Pandemic acceleration

Increasing growth as restrictions return

Man on video call drinking a pint
Tight restrictions on hospitality have led to a spike in grocery alcohol sales. Image: DC Studio/

HOME working and a hurting hospitality sector have driven grocery growth figures higher in recent weeks.

Data specialist Nielsen has revealed that year-on-year total till sales growth for the last four weeks ending 3 October increased from 5.6% to 8.3% as consumer spent more time at home.

Alcohol sales showed strong growth, up 17% during the period, followed closely by frozen at 16% growth.

Nielsen noted that while there has also been significant growth for disinfectants (+92%) and toilet tissue (+34%), growth levels for these products still falls well short of the levels seen during the peak of the pandemic, suggesting consumers are not currently panic buying.

Mike Watkins, Nielsen UK head of retailer and business insight, said: “Since March, households in the UK have had to continually adjust to new ways of working, living and eating. This is reflected in the volatility of weekly FMCG sales.”

Kantar data for the 12 weeks to 4 October painted a similar picture, with UK alcohol sales in the retail channel up £261 million for the period.

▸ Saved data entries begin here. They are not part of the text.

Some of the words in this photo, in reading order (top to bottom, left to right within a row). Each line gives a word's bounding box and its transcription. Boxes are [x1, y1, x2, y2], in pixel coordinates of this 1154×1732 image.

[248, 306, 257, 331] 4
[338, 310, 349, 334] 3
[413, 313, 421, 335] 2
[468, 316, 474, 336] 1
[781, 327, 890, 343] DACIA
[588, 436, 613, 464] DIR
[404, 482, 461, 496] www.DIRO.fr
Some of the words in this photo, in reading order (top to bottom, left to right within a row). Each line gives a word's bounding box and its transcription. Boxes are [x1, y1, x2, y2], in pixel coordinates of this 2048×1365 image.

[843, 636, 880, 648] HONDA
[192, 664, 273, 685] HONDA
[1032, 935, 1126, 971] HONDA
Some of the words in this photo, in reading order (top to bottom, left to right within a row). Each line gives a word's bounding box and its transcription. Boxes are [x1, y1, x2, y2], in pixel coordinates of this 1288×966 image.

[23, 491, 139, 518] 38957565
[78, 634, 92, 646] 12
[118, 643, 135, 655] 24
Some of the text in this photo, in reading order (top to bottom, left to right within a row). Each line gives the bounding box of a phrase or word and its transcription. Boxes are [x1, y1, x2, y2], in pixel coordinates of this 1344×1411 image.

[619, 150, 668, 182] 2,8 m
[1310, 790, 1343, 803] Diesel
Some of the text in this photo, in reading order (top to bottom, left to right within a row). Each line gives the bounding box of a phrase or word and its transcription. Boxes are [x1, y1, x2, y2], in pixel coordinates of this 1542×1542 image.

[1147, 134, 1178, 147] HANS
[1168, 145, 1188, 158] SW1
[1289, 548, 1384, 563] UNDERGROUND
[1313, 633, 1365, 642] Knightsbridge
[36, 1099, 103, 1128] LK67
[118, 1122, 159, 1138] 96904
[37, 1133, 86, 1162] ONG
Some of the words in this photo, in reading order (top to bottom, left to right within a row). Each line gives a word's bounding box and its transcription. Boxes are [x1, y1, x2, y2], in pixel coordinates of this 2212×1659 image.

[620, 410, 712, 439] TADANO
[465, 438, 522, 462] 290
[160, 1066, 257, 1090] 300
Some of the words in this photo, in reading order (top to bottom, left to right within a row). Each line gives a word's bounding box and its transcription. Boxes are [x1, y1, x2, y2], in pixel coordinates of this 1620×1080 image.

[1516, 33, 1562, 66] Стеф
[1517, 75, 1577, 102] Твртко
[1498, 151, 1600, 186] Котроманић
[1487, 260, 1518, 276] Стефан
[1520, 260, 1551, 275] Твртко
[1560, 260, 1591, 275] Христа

Symbols and independent continued to perform well, posting value sales growth of 19.9%. The only channel to surpass convenience stores in growth terms was online where retailer Ocado posted sales growth figures of 41.9% on last year.

 Fraser McKevitt, head of retail and consumer insight at Kantar said: “Shoppers are moving a greater proportion of their eating and drinking back into the home.  This is likely a response to rising Covid-19 infection rates, greater restrictions on opening hours in the hospitality sector, and the end of the Government’s Eat Out to Help Out scheme.